The easiest solution is making sure that the audio cable is as short as possible and moving it around some to try and stop the noise. I'm lazy so that's as far as I've ever gone. A discussion I happened to be reading yesterday mentioned that these little ferrite core clips were magic, they seem cheap enough and you can get them easy enough. https://www.cablechick.com.au/cables...ml#productTab3 is the one they were discussing in particular.

mazpr 07-06-2022 01:33 PM

May or may not work, I use to fix similar noise on my cheap car stereo system by twisting the cables.

The cable itself just twist it. The goal is to do a similar loop, the more, the more efficient it will be.

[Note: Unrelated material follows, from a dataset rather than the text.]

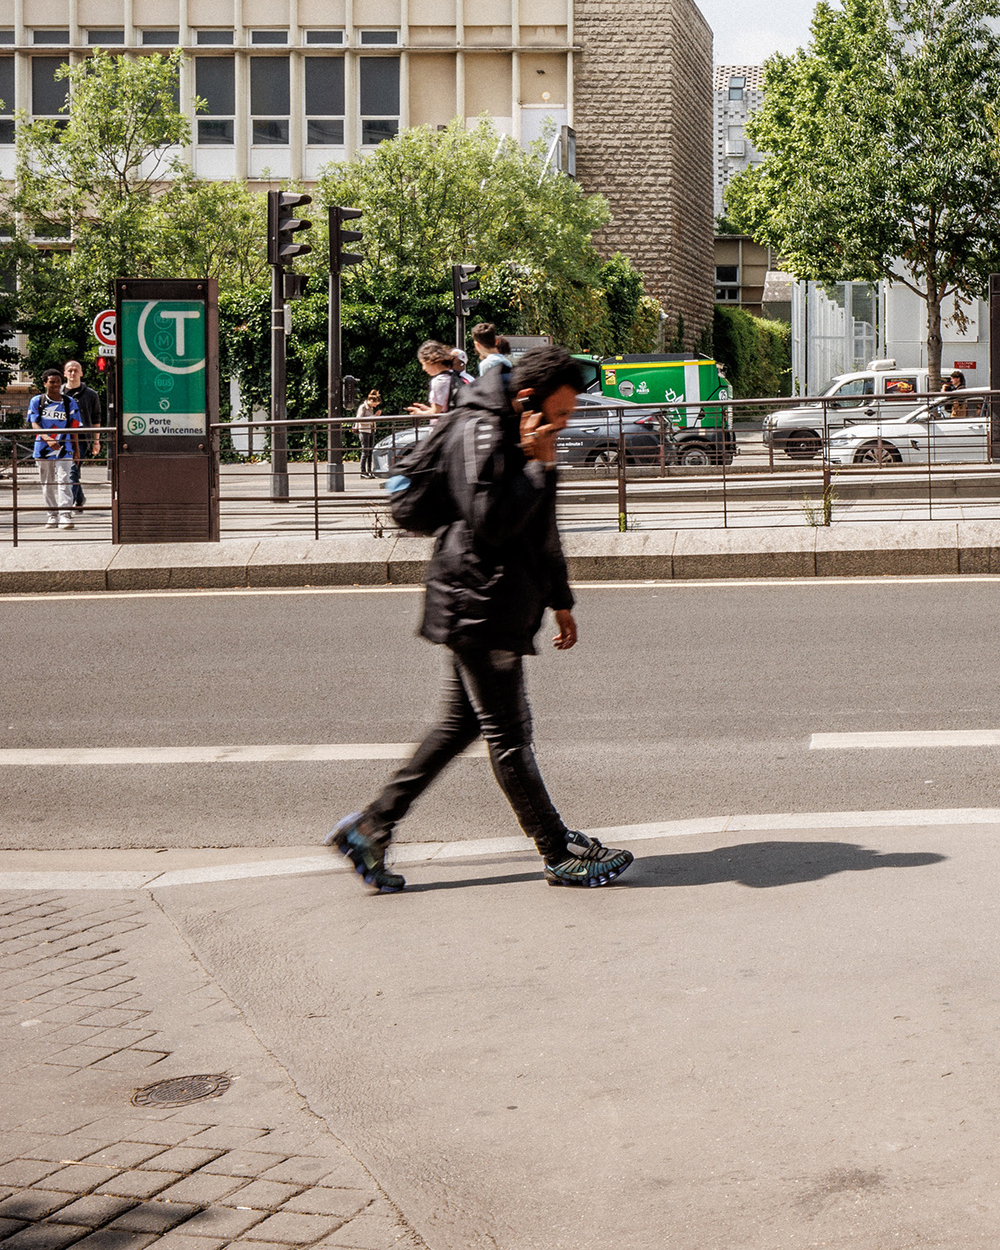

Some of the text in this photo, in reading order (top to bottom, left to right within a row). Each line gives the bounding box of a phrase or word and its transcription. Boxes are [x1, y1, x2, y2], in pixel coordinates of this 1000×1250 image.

You can also use ferrite core noise suppressors:

https://th.bing.com/th/id/R.9c0cf931...pid=ImgRaw&r=0

https://tse3.mm.bing.net/th/id/OIP.9...r=1.25&pid=1.7

Slayer 07-06-2022 02:10 PM

Thanks a lot you guys.
I'm pretty sure the pop is caused by the opening of the contacts in the thermostat since it's loudest when the freezer clicks off.
Since I moved the freezer to another room, the noise is not as loud, but it's still annoying as shit.
I have an old cable with a ferrite clip molded onto it; I could swap that in just to try.
I'm really want to try a snubber circuit, but I just don't know which one to get...

Spaceman Spiff 07-07-2022 01:07 PM

You might also want to try powering your speaker amp through a common mode choke, see if you can't isolate the issue to speaker leads vs. the common AC supply (all your breakers are connected to the same bus, there is no isolation as standard for high freq noise).
That said if the freezer is riiiiight next to the speakers, then yeah EMI from the compressor motor clicking on (i.e. coils energizing or the B field collapsing when the motor turns off) can for sure be the culprit. A shielded lead form amp to speaker would be your next bet there IMO.

JasonC SBB 07-08-2022 09:38 PM

You connect the snubber electrically across the contacts that open.

Slayer 12-30-2022 04:20 PM

Wanted to come back and close this out. I got a snubber circuit from ebay for $1.59 and wired it as Jason suggested. It has worked perfectly now for a few months. Nothing else seemed to work. Thanks for the help.

YvetteSpencer 01-15-2024 12:46 AM


Originally Posted by maplewood (Post 1624236)
The easiest solution is making sure that the audio cable is as short as possible and moving it around some to try and stop the noise. I'm lazy so that's as far as I've ever gone. A discussion I happened to be reading yesterday mentioned that these little ferrite core clips were magic, they seem cheap enough and you can get them easy enough. https://www.cablechick.com.au/cables...ml#productTab3 is the one they were discussing in particular.

Thanks for the link, you made my day. If I want to know more, I will ask by starting my own thread.

LoganOwens 04-09-2024 03:58 AM

Thank you so much for the information, I am going to buy it.